Dataset entries
══════════

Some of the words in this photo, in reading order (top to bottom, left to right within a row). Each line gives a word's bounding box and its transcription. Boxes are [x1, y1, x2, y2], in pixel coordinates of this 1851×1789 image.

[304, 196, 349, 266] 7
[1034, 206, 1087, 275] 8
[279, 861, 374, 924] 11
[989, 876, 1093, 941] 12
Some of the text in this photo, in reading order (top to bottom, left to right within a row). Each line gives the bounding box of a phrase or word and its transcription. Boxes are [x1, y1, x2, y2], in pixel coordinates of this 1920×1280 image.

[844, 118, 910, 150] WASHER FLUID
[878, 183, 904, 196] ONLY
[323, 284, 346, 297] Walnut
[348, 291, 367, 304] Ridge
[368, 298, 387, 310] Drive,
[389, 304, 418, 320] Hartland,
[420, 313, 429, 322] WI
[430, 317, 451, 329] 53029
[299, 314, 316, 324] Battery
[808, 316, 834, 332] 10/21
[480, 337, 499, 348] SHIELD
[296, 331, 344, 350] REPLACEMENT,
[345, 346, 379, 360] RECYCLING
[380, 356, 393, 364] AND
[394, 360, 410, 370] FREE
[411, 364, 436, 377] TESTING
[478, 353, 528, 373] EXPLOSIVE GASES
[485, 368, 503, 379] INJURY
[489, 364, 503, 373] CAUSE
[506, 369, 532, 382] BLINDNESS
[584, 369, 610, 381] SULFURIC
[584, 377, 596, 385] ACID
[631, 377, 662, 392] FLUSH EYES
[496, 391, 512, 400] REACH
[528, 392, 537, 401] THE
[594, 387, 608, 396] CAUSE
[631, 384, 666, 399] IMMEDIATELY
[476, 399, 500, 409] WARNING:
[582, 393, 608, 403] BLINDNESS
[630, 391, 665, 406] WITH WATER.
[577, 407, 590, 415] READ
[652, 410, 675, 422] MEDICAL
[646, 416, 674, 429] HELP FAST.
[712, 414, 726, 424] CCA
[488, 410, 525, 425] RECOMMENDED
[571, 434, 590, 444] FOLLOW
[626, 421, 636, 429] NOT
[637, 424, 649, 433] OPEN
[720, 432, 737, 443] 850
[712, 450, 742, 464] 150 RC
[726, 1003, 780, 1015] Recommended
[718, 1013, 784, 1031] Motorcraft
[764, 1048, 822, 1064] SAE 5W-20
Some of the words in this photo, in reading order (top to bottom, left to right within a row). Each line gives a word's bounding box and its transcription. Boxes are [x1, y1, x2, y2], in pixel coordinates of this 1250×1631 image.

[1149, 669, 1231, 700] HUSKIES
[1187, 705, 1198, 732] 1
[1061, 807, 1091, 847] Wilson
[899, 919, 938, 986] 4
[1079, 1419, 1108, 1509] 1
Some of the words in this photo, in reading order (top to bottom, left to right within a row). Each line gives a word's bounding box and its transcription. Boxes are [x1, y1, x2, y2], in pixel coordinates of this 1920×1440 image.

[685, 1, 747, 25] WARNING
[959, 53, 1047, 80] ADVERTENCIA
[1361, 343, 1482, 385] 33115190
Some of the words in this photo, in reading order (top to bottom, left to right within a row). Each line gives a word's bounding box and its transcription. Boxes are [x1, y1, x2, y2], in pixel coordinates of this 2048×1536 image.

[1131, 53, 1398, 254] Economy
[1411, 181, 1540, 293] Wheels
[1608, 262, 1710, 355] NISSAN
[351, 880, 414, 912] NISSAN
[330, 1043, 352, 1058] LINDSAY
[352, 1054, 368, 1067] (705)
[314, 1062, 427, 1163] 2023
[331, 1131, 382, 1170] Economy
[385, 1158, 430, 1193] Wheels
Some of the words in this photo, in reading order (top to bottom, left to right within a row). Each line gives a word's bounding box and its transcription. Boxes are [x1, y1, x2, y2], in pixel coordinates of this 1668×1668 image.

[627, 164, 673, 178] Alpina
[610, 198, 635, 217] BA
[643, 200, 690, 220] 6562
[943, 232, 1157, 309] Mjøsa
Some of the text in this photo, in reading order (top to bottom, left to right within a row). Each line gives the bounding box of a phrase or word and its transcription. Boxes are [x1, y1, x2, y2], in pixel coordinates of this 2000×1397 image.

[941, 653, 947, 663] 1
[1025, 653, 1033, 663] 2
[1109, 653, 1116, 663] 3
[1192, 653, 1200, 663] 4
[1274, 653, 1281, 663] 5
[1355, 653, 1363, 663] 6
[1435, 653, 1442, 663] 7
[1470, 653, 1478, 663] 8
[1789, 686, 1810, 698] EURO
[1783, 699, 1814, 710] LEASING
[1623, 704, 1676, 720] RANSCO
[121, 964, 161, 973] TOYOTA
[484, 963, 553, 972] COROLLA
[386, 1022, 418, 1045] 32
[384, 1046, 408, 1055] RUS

══════════

The data above needs retyping. Reproduce each line exactly.

Some of the words in this photo, in reading order (top to bottom, left to right within a row). Each line gives a word's bounding box and its transcription. Boxes are [x1, y1, x2, y2], in pixel coordinates of this 1851×1789 image.

[304, 196, 349, 266] 7
[1034, 206, 1087, 275] 8
[279, 861, 374, 924] 11
[989, 876, 1093, 941] 12
Some of the text in this photo, in reading order (top to bottom, left to right within a row). Each line gives the bounding box of a phrase or word and its transcription. Boxes are [x1, y1, x2, y2], in pixel coordinates of this 1920×1280 image.

[844, 118, 910, 150] WASHER FLUID
[878, 183, 904, 196] ONLY
[323, 284, 346, 297] Walnut
[348, 291, 367, 304] Ridge
[368, 298, 387, 310] Drive,
[389, 304, 418, 320] Hartland,
[420, 313, 429, 322] WI
[430, 317, 451, 329] 53029
[299, 314, 316, 324] Battery
[808, 316, 834, 332] 10/21
[480, 337, 499, 348] SHIELD
[296, 331, 344, 350] REPLACEMENT,
[345, 346, 379, 360] RECYCLING
[380, 356, 393, 364] AND
[394, 360, 410, 370] FREE
[411, 364, 436, 377] TESTING
[478, 353, 528, 373] EXPLOSIVE GASES
[485, 368, 503, 379] INJURY
[489, 364, 503, 373] CAUSE
[506, 369, 532, 382] BLINDNESS
[584, 369, 610, 381] SULFURIC
[584, 377, 596, 385] ACID
[631, 377, 662, 392] FLUSH EYES
[496, 391, 512, 400] REACH
[528, 392, 537, 401] THE
[594, 387, 608, 396] CAUSE
[631, 384, 666, 399] IMMEDIATELY
[476, 399, 500, 409] WARNING:
[582, 393, 608, 403] BLINDNESS
[630, 391, 665, 406] WITH WATER.
[577, 407, 590, 415] READ
[652, 410, 675, 422] MEDICAL
[646, 416, 674, 429] HELP FAST.
[712, 414, 726, 424] CCA
[488, 410, 525, 425] RECOMMENDED
[571, 434, 590, 444] FOLLOW
[626, 421, 636, 429] NOT
[637, 424, 649, 433] OPEN
[720, 432, 737, 443] 850
[712, 450, 742, 464] 150 RC
[726, 1003, 780, 1015] Recommended
[718, 1013, 784, 1031] Motorcraft
[764, 1048, 822, 1064] SAE 5W-20
Some of the words in this photo, in reading order (top to bottom, left to right within a row). Each line gives a word's bounding box and its transcription. Boxes are [x1, y1, x2, y2], in pixel coordinates of this 1250×1631 image.

[1149, 669, 1231, 700] HUSKIES
[1187, 705, 1198, 732] 1
[1061, 807, 1091, 847] Wilson
[899, 919, 938, 986] 4
[1079, 1419, 1108, 1509] 1
Some of the words in this photo, in reading order (top to bottom, left to right within a row). Each line gives a word's bounding box and its transcription. Boxes are [x1, y1, x2, y2], in pixel coordinates of this 1920×1440 image.

[685, 1, 747, 25] WARNING
[959, 53, 1047, 80] ADVERTENCIA
[1361, 343, 1482, 385] 33115190
Some of the words in this photo, in reading order (top to bottom, left to right within a row). Each line gives a word's bounding box and its transcription. Boxes are [x1, y1, x2, y2], in pixel coordinates of this 2048×1536 image.

[1131, 53, 1398, 254] Economy
[1411, 181, 1540, 293] Wheels
[1608, 262, 1710, 355] NISSAN
[351, 880, 414, 912] NISSAN
[330, 1043, 352, 1058] LINDSAY
[352, 1054, 368, 1067] (705)
[314, 1062, 427, 1163] 2023
[331, 1131, 382, 1170] Economy
[385, 1158, 430, 1193] Wheels
Some of the words in this photo, in reading order (top to bottom, left to right within a row). Each line gives a word's bounding box and its transcription. Boxes are [x1, y1, x2, y2], in pixel coordinates of this 1668×1668 image.

[627, 164, 673, 178] Alpina
[610, 198, 635, 217] BA
[643, 200, 690, 220] 6562
[943, 232, 1157, 309] Mjøsa
Some of the text in this photo, in reading order (top to bottom, left to right within a row). Each line gives the bounding box of a phrase or word and its transcription. Boxes are [x1, y1, x2, y2], in pixel coordinates of this 2000×1397 image.

[941, 653, 947, 663] 1
[1025, 653, 1033, 663] 2
[1109, 653, 1116, 663] 3
[1192, 653, 1200, 663] 4
[1274, 653, 1281, 663] 5
[1355, 653, 1363, 663] 6
[1435, 653, 1442, 663] 7
[1470, 653, 1478, 663] 8
[1789, 686, 1810, 698] EURO
[1783, 699, 1814, 710] LEASING
[1623, 704, 1676, 720] RANSCO
[121, 964, 161, 973] TOYOTA
[484, 963, 553, 972] COROLLA
[386, 1022, 418, 1045] 32
[384, 1046, 408, 1055] RUS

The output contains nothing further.